El tercer acto tuvo lugar en el Concilio de París, del año 825, que repitió la doctrina de los Libros carolingios.

No obstante, poco a poco se comprendió en occidente el verdadero alcance de los decretos de Nicea, de modo que, a fines del siglo IX, la polémica había terminado.

De lo que he resumido se deduce que, en occidente, la diatriba tuvo una fuerte connotación semántica. El significado de las palabras era y es fundamental para la correcta intelección de la fe, y la traducción de unos términos técnicos a otras lenguas constituye uno de los asuntos capitales de toda verdadera inculturación dogmática. Con anterioridad, la Iglesia ya había vivido un problema similar, o sea, también lingüístico, en el Concilio de Éfeso (431), en que polemizaron los partidarios de Nestorio con los seguidores de Cirilo.
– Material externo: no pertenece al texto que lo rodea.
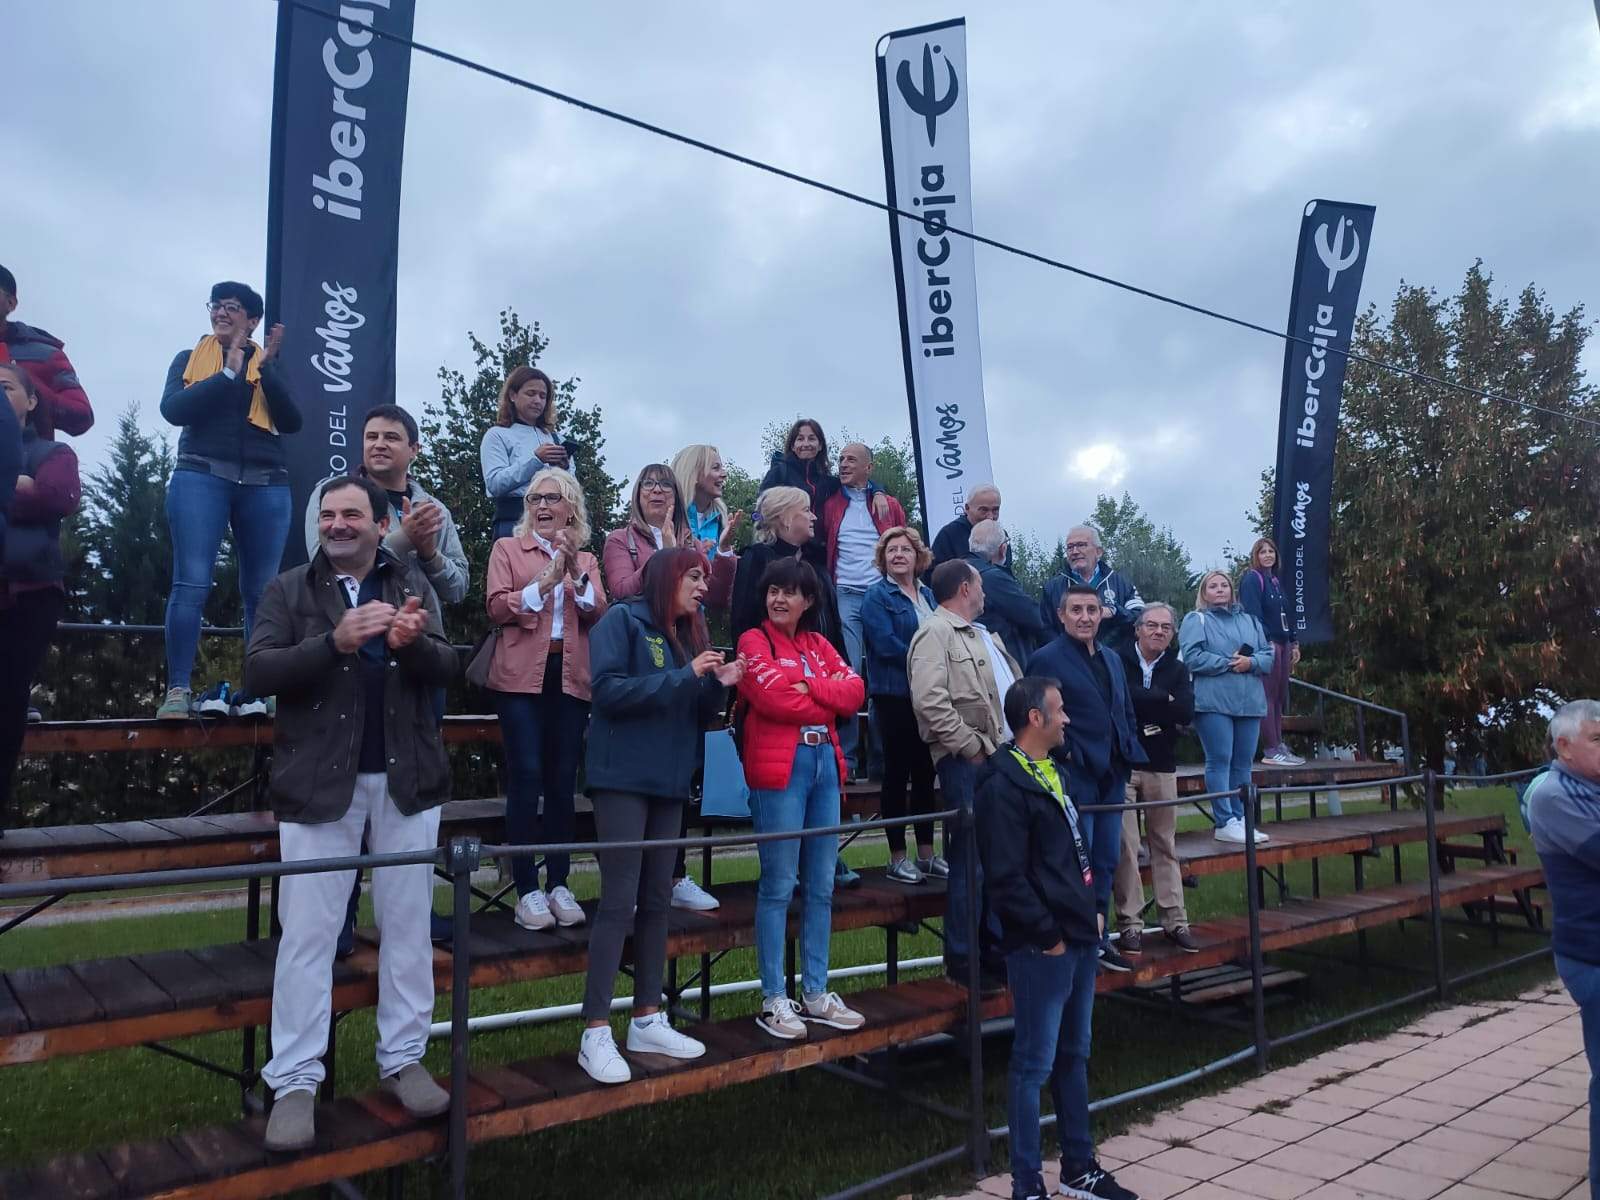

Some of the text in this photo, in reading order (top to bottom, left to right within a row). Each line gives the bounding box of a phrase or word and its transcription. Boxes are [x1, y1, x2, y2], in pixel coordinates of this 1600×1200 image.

[912, 164, 956, 358] iberCaja
[310, 280, 366, 393] Vamos
[1296, 303, 1338, 448] iberCaja
[329, 404, 348, 447] DEL
[935, 402, 966, 516] DEL Vamos
[1291, 481, 1312, 630] EL BANCO DEL Vamos
Allí se debatió en torno al significado y la oportunidad para expresar la fe cristológica, de algunos términos como naturaleza (physis), persona (prósopon), subsistencia (hypóstasis), conjunción (synapheia) y unión sin confusión (hènosis asygchytós), hasta llegar al «credo de la unión», que pocos años más tarde adquiriría carácter dogmático en el Concilio de Calcedonia (451).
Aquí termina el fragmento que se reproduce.